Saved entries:
•••••

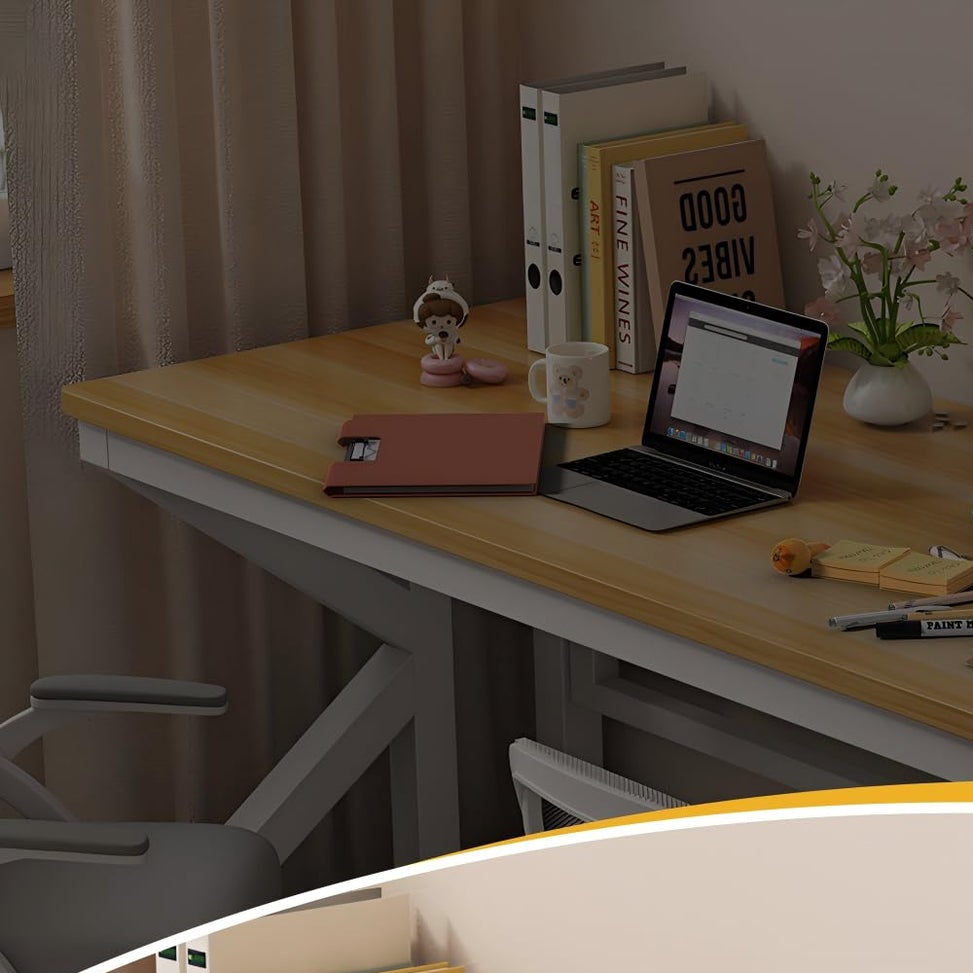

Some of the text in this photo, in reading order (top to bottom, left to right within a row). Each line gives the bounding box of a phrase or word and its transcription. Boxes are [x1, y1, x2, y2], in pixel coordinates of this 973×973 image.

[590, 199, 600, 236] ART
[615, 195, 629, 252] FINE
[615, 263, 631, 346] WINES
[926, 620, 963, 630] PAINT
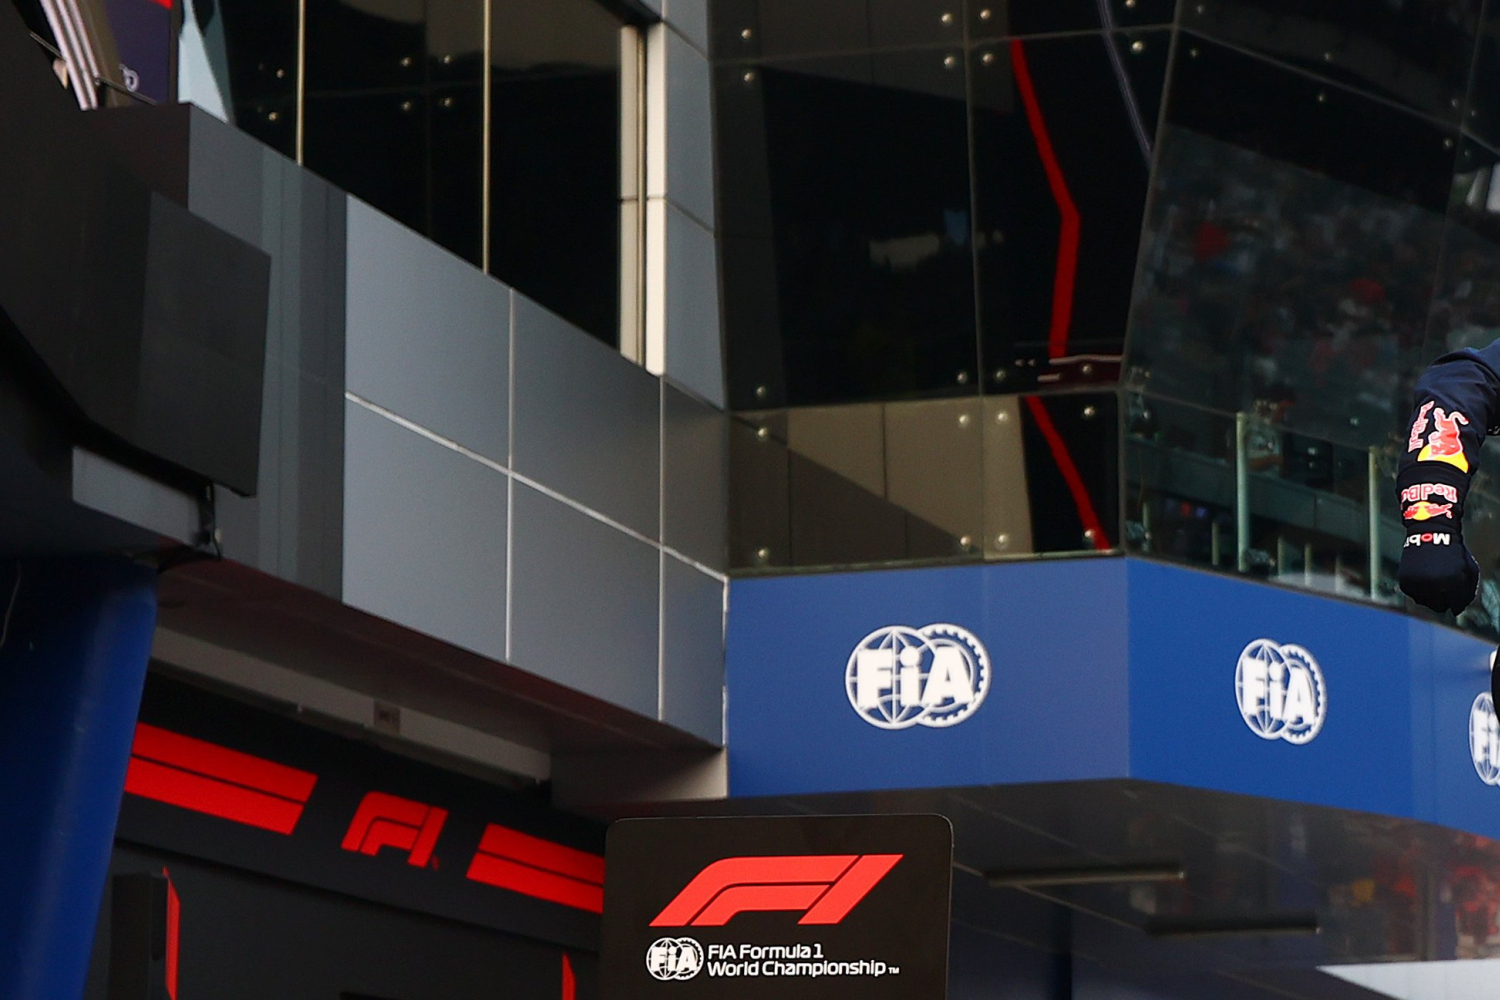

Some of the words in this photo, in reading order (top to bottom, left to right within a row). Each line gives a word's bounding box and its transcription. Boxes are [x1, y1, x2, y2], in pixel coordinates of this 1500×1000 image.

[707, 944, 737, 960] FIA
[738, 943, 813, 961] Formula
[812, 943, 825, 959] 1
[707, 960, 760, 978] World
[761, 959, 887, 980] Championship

•••••

Prompt — All records must be output exactly as they are, except for the pictures, which are left out.

Result of the task —
Some of the text in this photo, in reading order (top to bottom, left to right within a row). Each line gives the bounding box of a phrase or word and its transcription. Boxes are [x1, y1, x2, y2], in pixel coordinates of this 973×973 image.

[590, 199, 600, 236] ART
[615, 195, 629, 252] FINE
[615, 263, 631, 346] WINES
[926, 620, 963, 630] PAINT

Some of the words in this photo, in reading order (top to bottom, left to right within a row). Each line gives a word's bounding box and its transcription. Boxes are [x1, y1, x2, y2], in pixel coordinates of this 1500×1000 image.

[707, 944, 737, 960] FIA
[738, 943, 813, 961] Formula
[812, 943, 825, 959] 1
[707, 960, 760, 978] World
[761, 959, 887, 980] Championship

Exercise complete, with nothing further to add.